On 2022/12/1 12:01, Lu Baolu wrote:
> From: Jacob Pan<[email protected]>
>
> QAT devices on Intel Sapphire Rapids and Emerald Rapids have a defect in
> address translation service (ATS). These devices may inadvertently issue
> ATS invalidation completion before posted writes initiated with
> translated address that utilized translations matching the invalidation
> address range, violating the invalidation completion ordering.
>
> This patch adds an extra device TLB invalidation for the affected devices,
> it is needed to ensure no more posted writes with translated address
> following the invalidation completion. Therefore, the ordering is
> preserved and data-corruption is prevented.
>
> Device TLBs are invalidated under the following six conditions:
> 1. Device driver does DMA API unmap IOVA
> 2. Device driver unbind a PASID from a process, sva_unbind_device()
> 3. PASID is torn down, after PASID cache is flushed. e.g. process
> exit_mmap() due to crash
> 4. Under SVA usage, called by mmu_notifier.invalidate_range() where
> VM has to free pages that were unmapped
> 5. userspace driver unmaps a DMA buffer
> 6. Cache invalidation in vSVA usage (upcoming)
>
> For #1 and #2, device drivers are responsible for stopping DMA traffic
> before unmap/unbind. For #3, iommu driver gets mmu_notifier to
> invalidate TLB the same way as normal user unmap which will do an extra
> invalidation. The dTLB invalidation after PASID cache flush does not
> need an extra invalidation.
>
> Therefore, we only need to deal with #4 and #5 in this patch. #1 is also
> covered by this patch due to common code path with #5.
>
> Tested-by: Yuzhang Luo<[email protected]>
> Reviewed-by: Ashok Raj<[email protected]>
> Reviewed-by: Kevin Tian<[email protected]>

This missed cc stable tag.

Cc: [email protected] # v5.15+

Sorry for the inconvenience.

> Signed-off-by: Jacob Pan<[email protected]>
> Link:https://lore.kernel.org/r/[email protected]
> Signed-off-by: Lu Baolu<[email protected]>
> ---
> drivers/iommu/intel/iommu.h | 4 +++
> drivers/iommu/intel/iommu.c | 69 +++++++++++++++++++++++++++++++++++--
> drivers/iommu/intel/svm.c | 5 ++-
> 3 files changed, 75 insertions(+), 3 deletions(-)

Best regards,
baolu

2022-12-02 11:50:01

by Joerg Roedel

[permalink] [raw]
Subject: Re: [PATCH 0/4] [PULL REQUEST] iommu/vt-d: Fixes for v6.1-rc8

On Thu, Dec 01, 2022 at 12:01:23PM +0800, Lu Baolu wrote:
> Jacob Pan (1):
> iommu/vt-d: Add a fix for devices need extra dtlb flush
>
> Xiongfeng Wang (2):
> iommu/vt-d: Fix PCI device refcount leak in has_external_pci()
> iommu/vt-d: Fix PCI device refcount leak in dmar_dev_scope_init()
>
> Yang Yingliang (1):
> iommu/vt-d: Fix PCI device refcount leak in prq_event_thread()
>
> drivers/iommu/intel/iommu.h | 4 ++
> drivers/iommu/intel/dmar.c | 1 +
> drivers/iommu/intel/iommu.c | 73 +++++++++++++++++++++++++++++++++++--
> drivers/iommu/intel/svm.c | 19 +++++++---
> 4 files changed, 88 insertions(+), 9 deletions(-)

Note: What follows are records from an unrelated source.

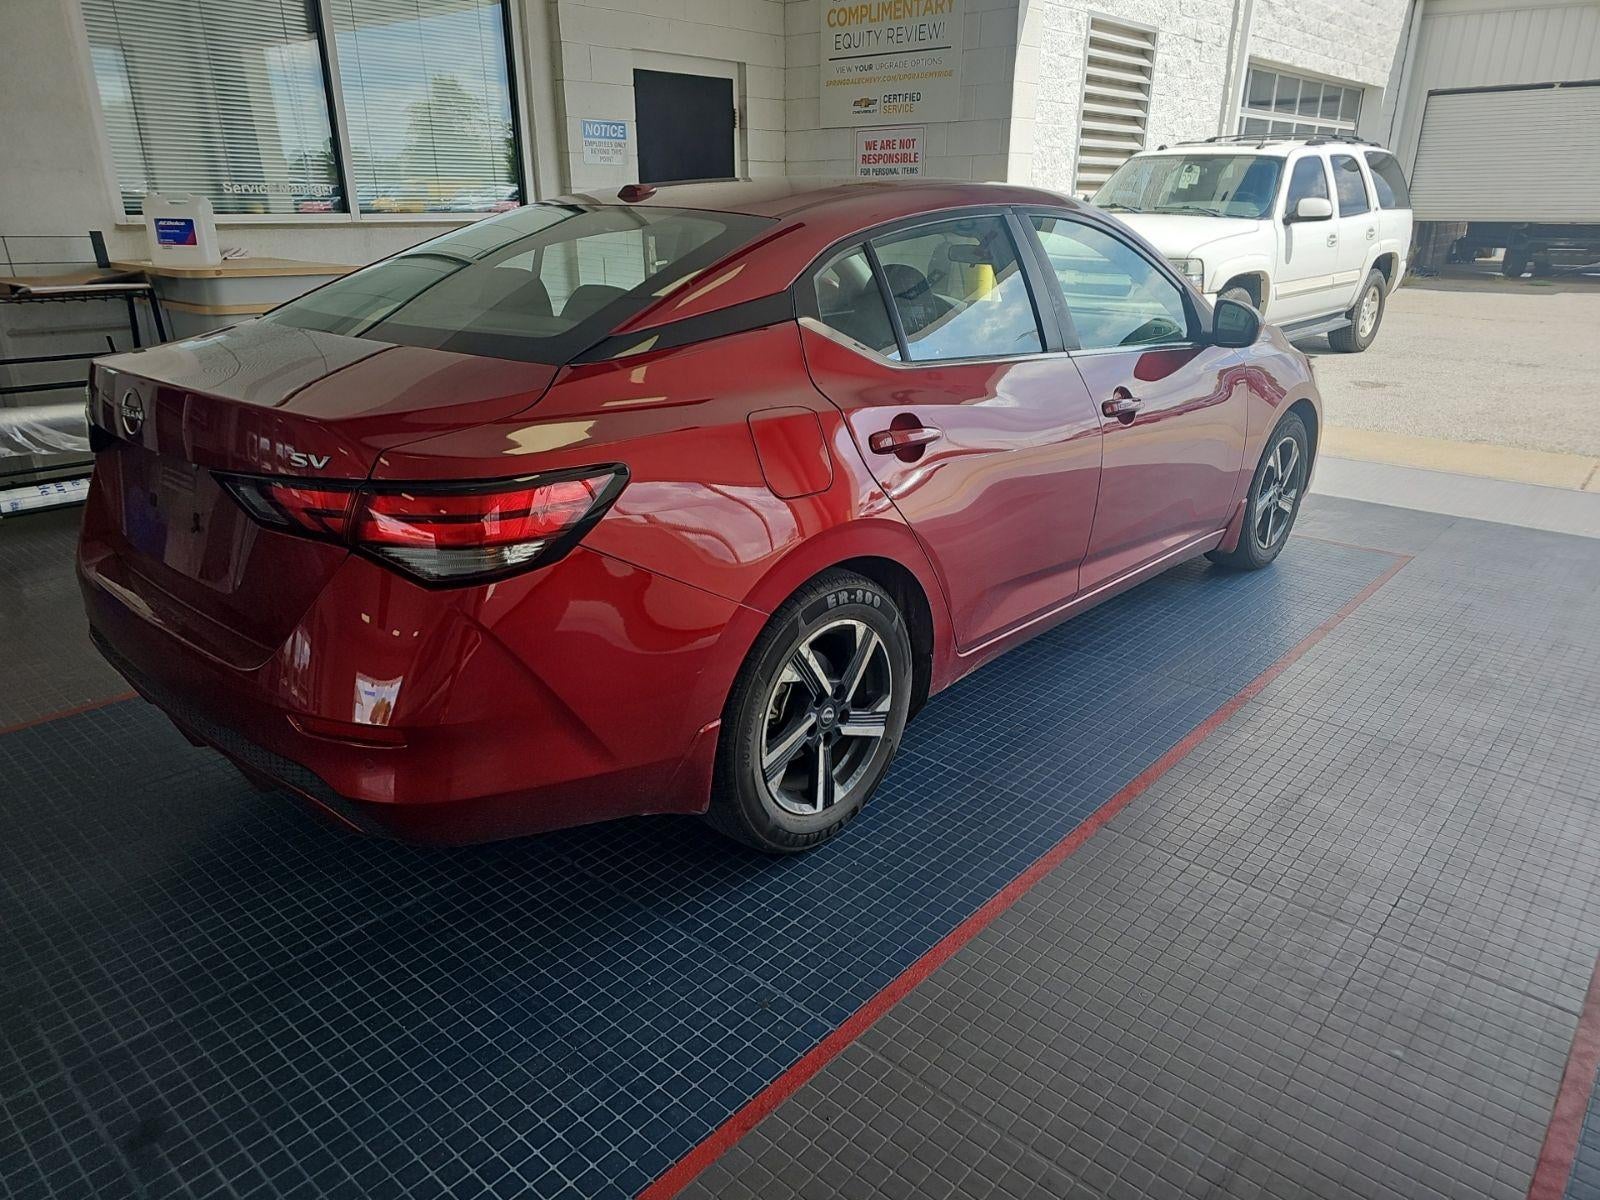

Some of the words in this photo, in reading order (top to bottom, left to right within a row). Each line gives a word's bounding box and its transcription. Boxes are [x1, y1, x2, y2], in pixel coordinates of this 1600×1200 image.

[827, 0, 954, 28] COMPLIMENTARY
[834, 29, 882, 51] EQUITY
[886, 21, 946, 45] REVIEW!
[835, 66, 852, 75] VIEW
[854, 63, 874, 73] YOUR
[875, 60, 909, 71] UPGRADE
[910, 56, 943, 68] OPTIONS
[882, 92, 922, 104] CERTIFIED
[882, 103, 914, 115] SERVICE
[585, 122, 625, 138] NOTICE
[864, 140, 878, 151] WE
[879, 139, 897, 151] ARE
[899, 138, 917, 150] NOT
[861, 152, 919, 165] RESPONSIBLE
[860, 167, 871, 176] FOR
[872, 166, 900, 176] PERSONAL
[901, 166, 919, 175] ITEMS
[222, 181, 270, 195] Service
[289, 451, 332, 470] SV

Applied to iommu/fixes, thanks Baolu.

2022-12-03 01:29:44

by Jacob Pan

[permalink] [raw]
Subject: Re: [PATCH 0/4] [PULL REQUEST] iommu/vt-d: Fixes for v6.1-rc8

Hi Joerg,

On Fri, 2 Dec 2022 11:47:23 +0100, Joerg Roedel <[email protected]> wrote:

> On Thu, Dec 01, 2022 at 12:01:23PM +0800, Lu Baolu wrote:
> > Jacob Pan (1):
> > iommu/vt-d: Add a fix for devices need extra dtlb flush
There is a bug in this patch, I will send a fix patch. Or can you squash the
fix below?


From: Jacob Pan <[email protected]>
Date: Fri, 2 Dec 2022 16:22:42 -0800
Subject: [PATCH] iommu/vt-d: Fix buggy QAT device mask

Impacted QAT device IDs that need extra dtlb flush quirk is ranging
from 0x4940 to 0x4943. After bitwise AND device ID with 0xfffc the
result should be 0x4940 instead of 0x494c to identify these devices.

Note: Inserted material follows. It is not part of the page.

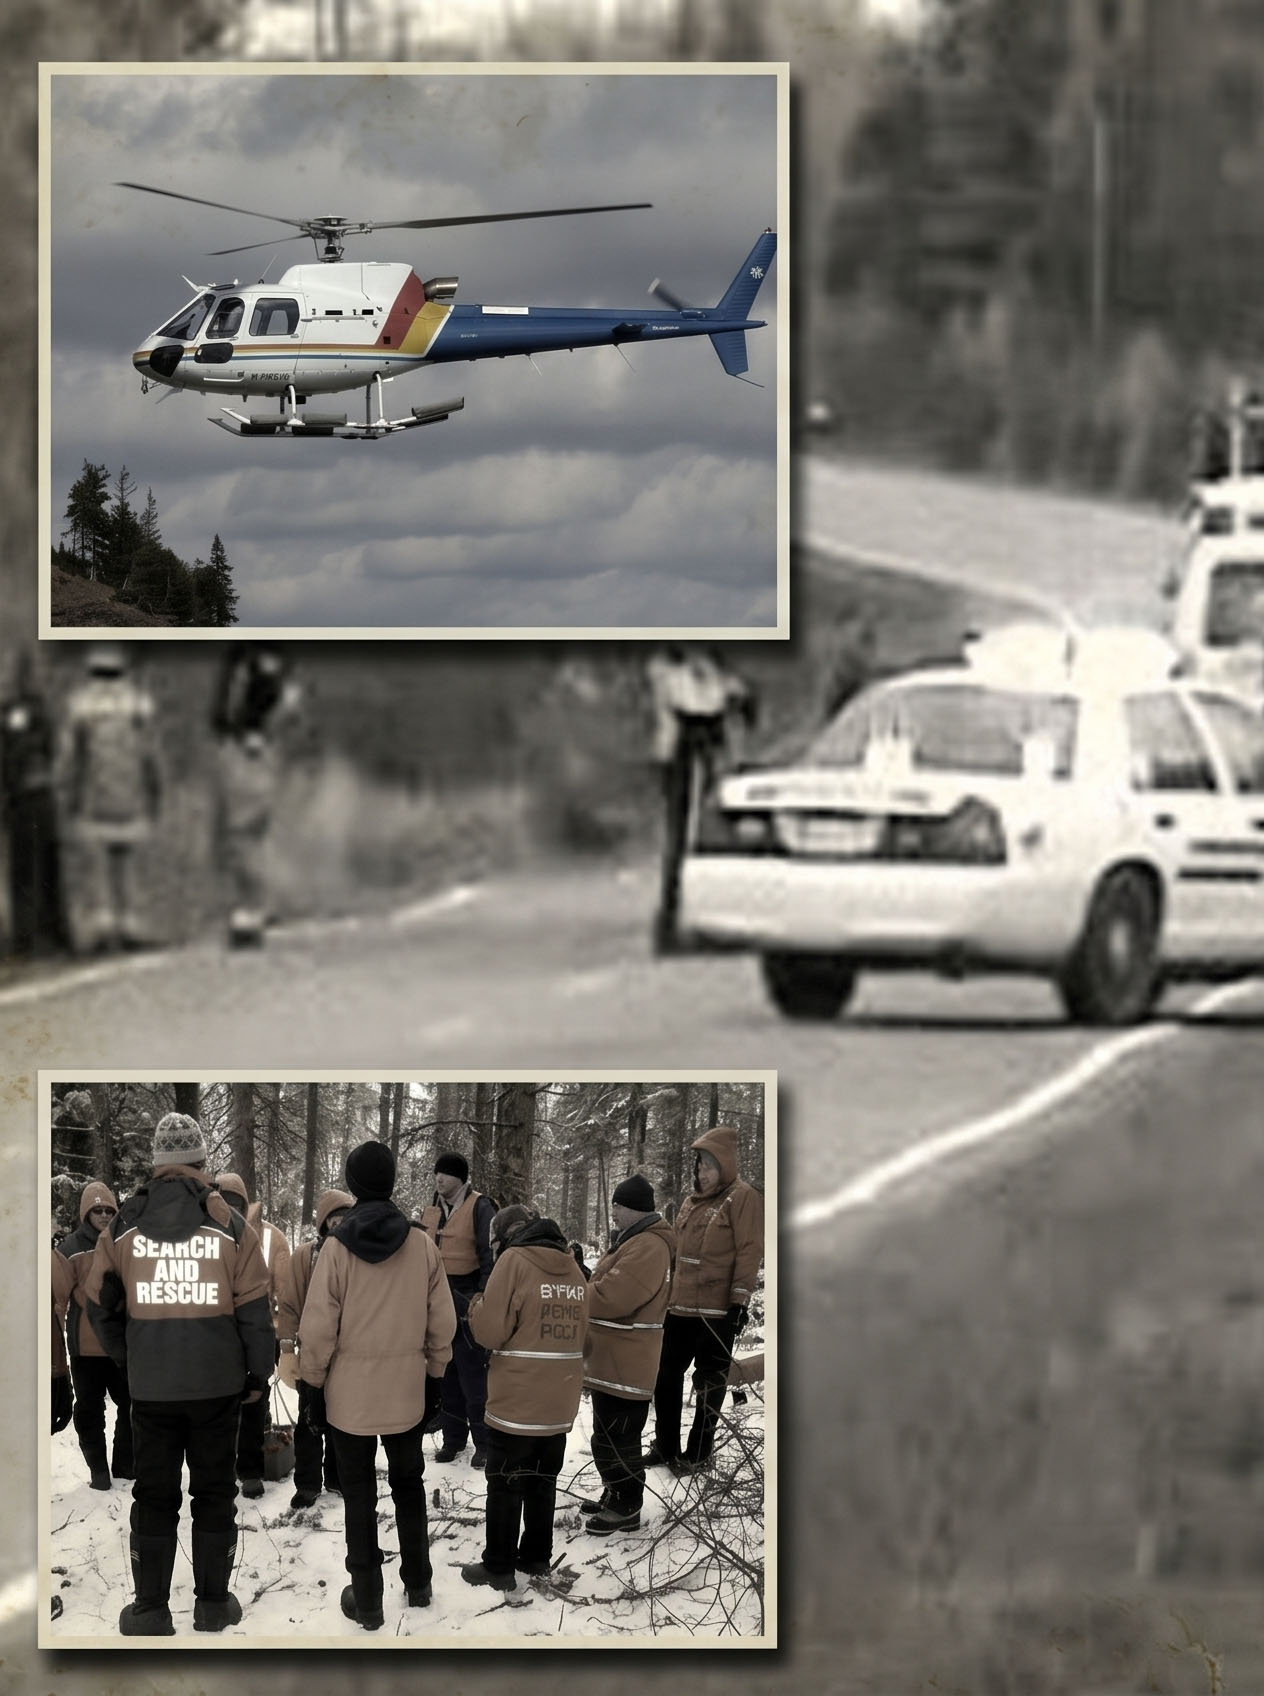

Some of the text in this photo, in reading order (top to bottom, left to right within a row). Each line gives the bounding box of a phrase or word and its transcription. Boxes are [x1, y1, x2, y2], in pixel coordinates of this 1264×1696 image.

[133, 1235, 220, 1259] SEARCH
[154, 1260, 199, 1282] AND
[136, 1282, 219, 1305] RESCUE

Reported-by: Raghunathan Srinivasan <[email protected]>
Signed-off-by: Jacob Pan <[email protected]>
---
drivers/iommu/intel/iommu.c | 2 +-
1 file changed, 1 insertion(+), 1 deletion(-)

diff --git a/drivers/iommu/intel/iommu.c b/drivers/iommu/intel/iommu.c
index d8759f445aff..0b10104c4b99 100644
--- a/drivers/iommu/intel/iommu.c
+++ b/drivers/iommu/intel/iommu.c
@@ -1401,7 +1401,7 @@ static void domain_update_iotlb(struct dmar_domain *domain)
* This quirk is exempted from risky_device() check because it applies only
* to the built-in QAT devices and it doesn't grant additional privileges.
*/
-#define BUGGY_QAT_DEVID_MASK 0x494c
+#define BUGGY_QAT_DEVID_MASK 0x4940
static bool dev_needs_extra_dtlb_flush(struct pci_dev *pdev)
{
if (pdev->vendor != PCI_VENDOR_ID_INTEL)

sorry about that,


Thanks,

Jacob